In this blog, I will teach you the following with practical examples:

  • Syntax of select() function
  • Selecting single column
  • Selecting multiple columns
  • Selecting entire column
  • Selecting column by index
  • Selecting column in reverse order

select() method used to get the specified columns of the DataFrame in PySpark Azure Databricks.

Syntax: dataframe_name.select()

What is the syntax of the select() function in PySpark Azure Databricks?

The syntax is as follows:

dataframe_name.select(*cols)
Parameter NameRequiredDescription
cols (str, Column, or list)YesIt represents the list of column names.
Table 1: select() Method in PySpark Databricks Parameter list with Details

Apache Spark Official documentation link: select()

Create a simple DataFrame

Gentle reminder:

In Databricks,

  • sparkSession made available as spark
  • sparkContext made available as sc

In case, you want to create it manually, use the below code.

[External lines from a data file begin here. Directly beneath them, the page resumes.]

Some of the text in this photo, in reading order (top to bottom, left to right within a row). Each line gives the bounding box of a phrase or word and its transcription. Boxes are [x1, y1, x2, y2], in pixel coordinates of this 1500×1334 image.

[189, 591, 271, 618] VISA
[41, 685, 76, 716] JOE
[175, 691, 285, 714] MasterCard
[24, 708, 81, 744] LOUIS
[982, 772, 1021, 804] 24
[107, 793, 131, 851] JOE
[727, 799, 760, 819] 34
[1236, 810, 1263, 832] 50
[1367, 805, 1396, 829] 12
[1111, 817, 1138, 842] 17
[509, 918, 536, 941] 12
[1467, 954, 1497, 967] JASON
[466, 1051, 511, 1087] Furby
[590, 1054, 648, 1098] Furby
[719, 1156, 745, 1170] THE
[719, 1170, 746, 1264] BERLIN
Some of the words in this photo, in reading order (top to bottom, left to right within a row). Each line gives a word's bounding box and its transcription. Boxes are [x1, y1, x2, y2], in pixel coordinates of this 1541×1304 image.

from pyspark.sql.session import SparkSession

spark = SparkSession.builder 
    .master("local[*]") 
    .appName("azurelib.com") 
    .getOrCreate()

sc = spark.sparkContext

a) Create manual PySpark DataFrame

data = [    
    (1,"Sascha","1998-09-03"),
    (2,"Lise","2008-09-17"),
    (3,"Nola","2008-08-23"),
    (4,"Demetra","1997-06-02"),
    (5,"Lowrance","2006-07-02")
]

df = spark.createDataFrame(data, schema=["id","name","dob"])
df.printSchema()
df.show()

"""
root
 |-- id: long (nullable = true)
 |-- name: string (nullable = true)
 |-- dob: string (nullable = true)

+---+--------+----------+
| id|    name|       dob|
+---+--------+----------+
|  1|  Sascha|1998-09-03|
|  2|    Lise|2008-09-17|
|  3|    Nola|2008-08-23|
|  4| Demetra|1997-06-02|
|  5|Lowrance|2006-07-02|
+---+--------+----------+
"""

b) Creating a DataFrame by reading files

Download and use the below source file.

# replace the file_paths with the source file location which you have downloaded.

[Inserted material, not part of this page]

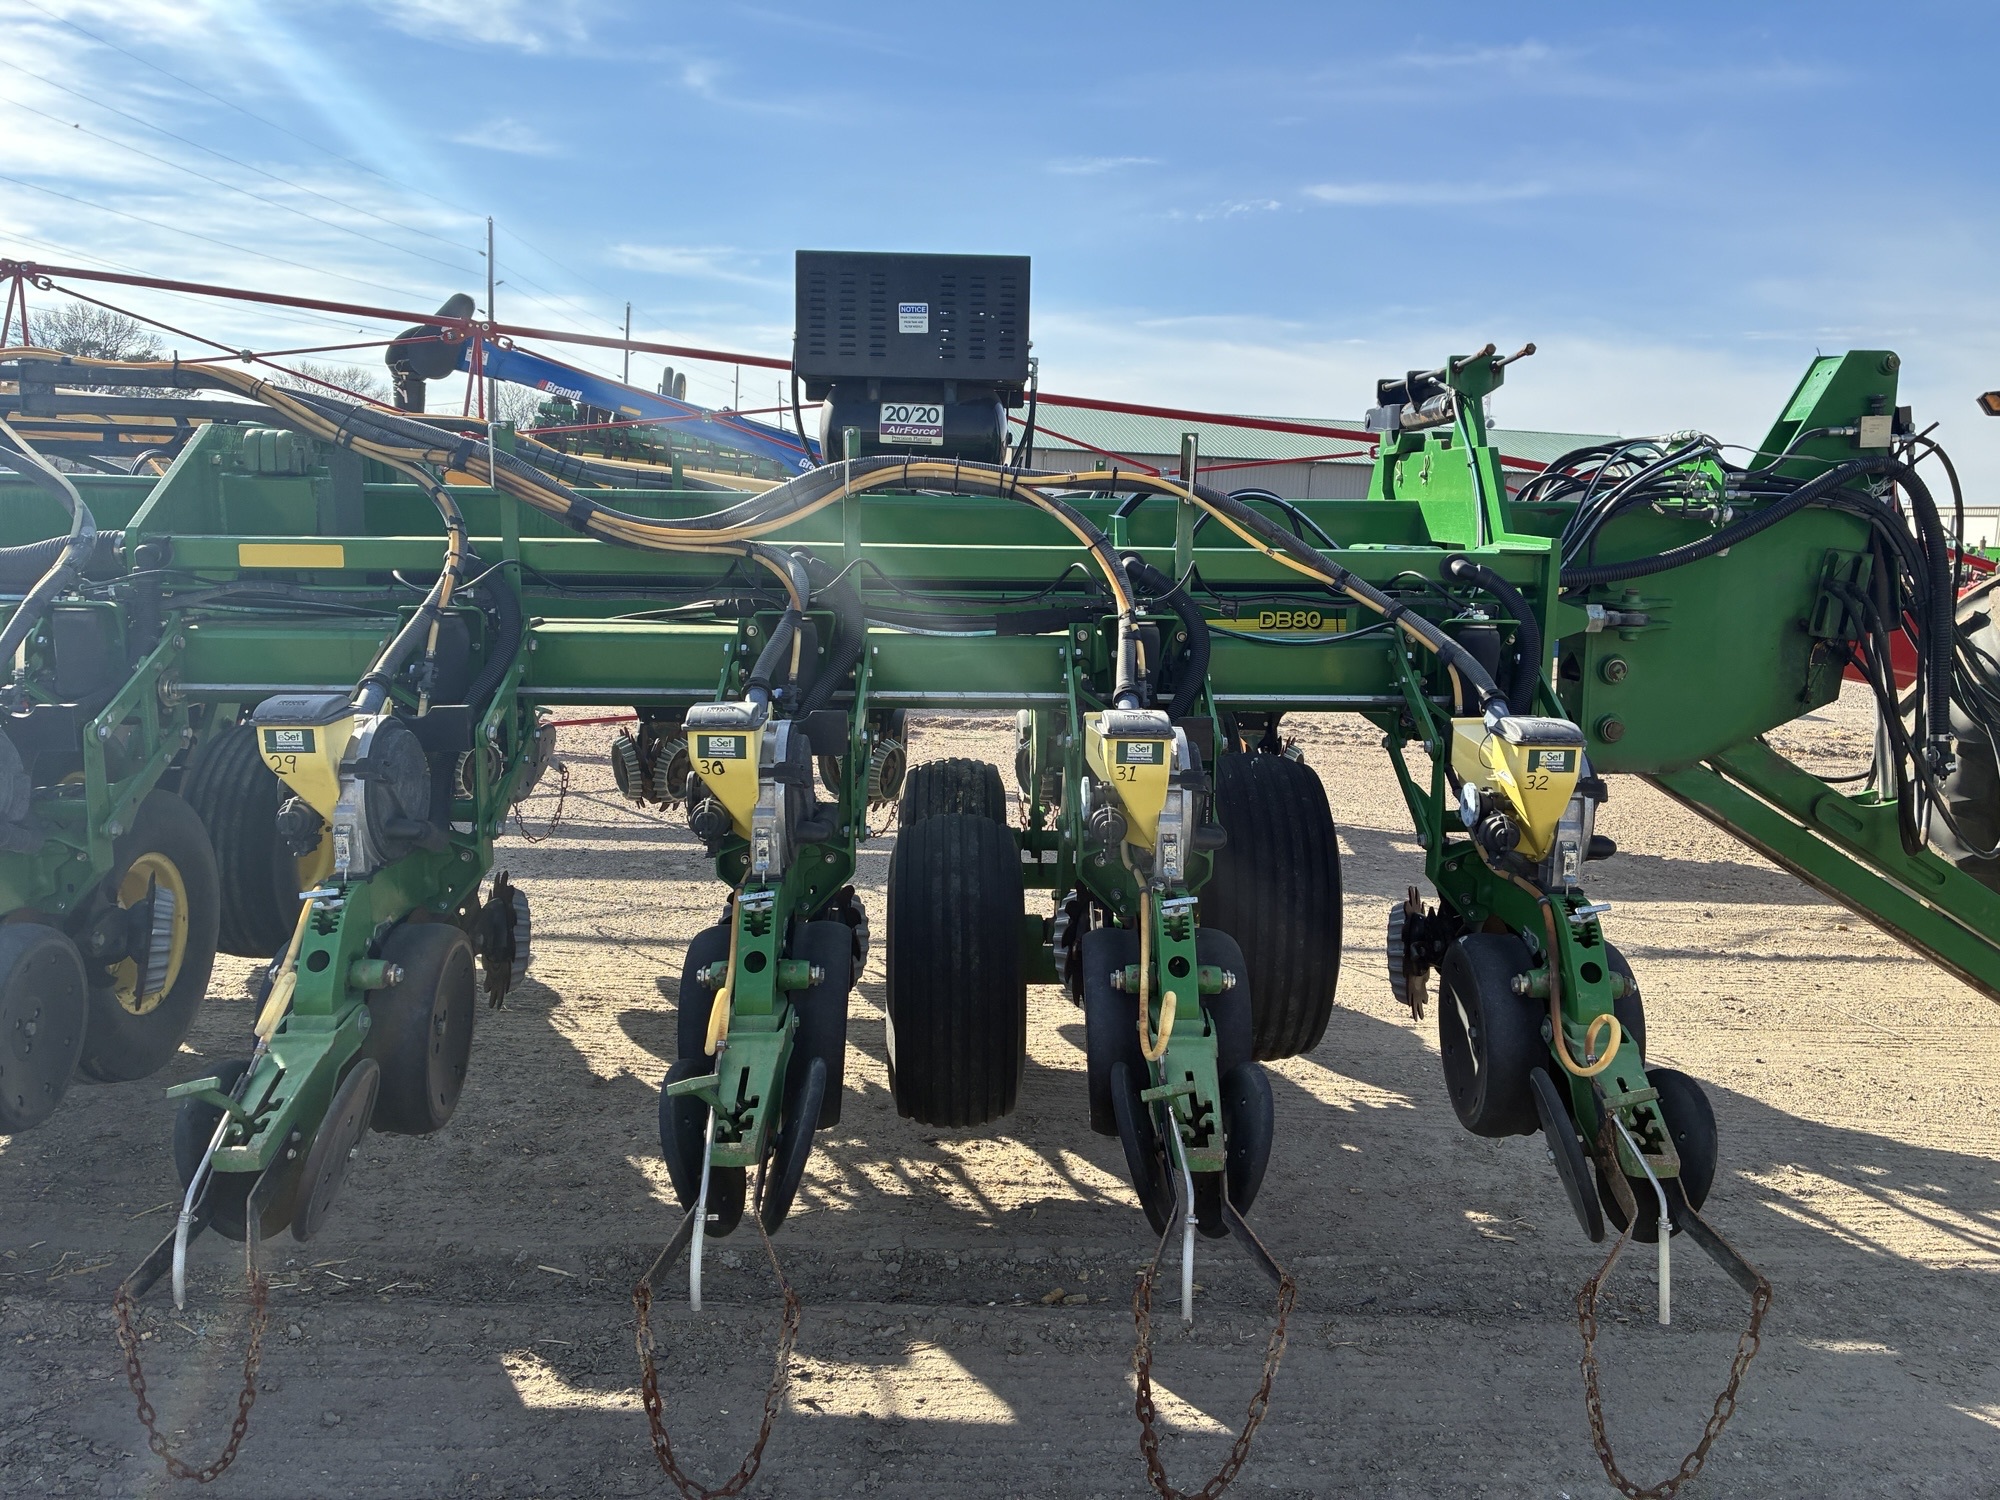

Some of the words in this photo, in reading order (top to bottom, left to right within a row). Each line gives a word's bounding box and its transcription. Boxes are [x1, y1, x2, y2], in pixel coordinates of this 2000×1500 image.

df_2 = spark.read.format("csv").option("header", True).load(file_path)
df_2.printSchema()

"""
root
 |-- id: long (nullable = true)
 |-- name: string (nullable = true)
 |-- dob: string (nullable = true)
"""

Note: Here, I will be using the manually created DataFrame.

How to select a single column in PySpark Azure Databricks using the select() function?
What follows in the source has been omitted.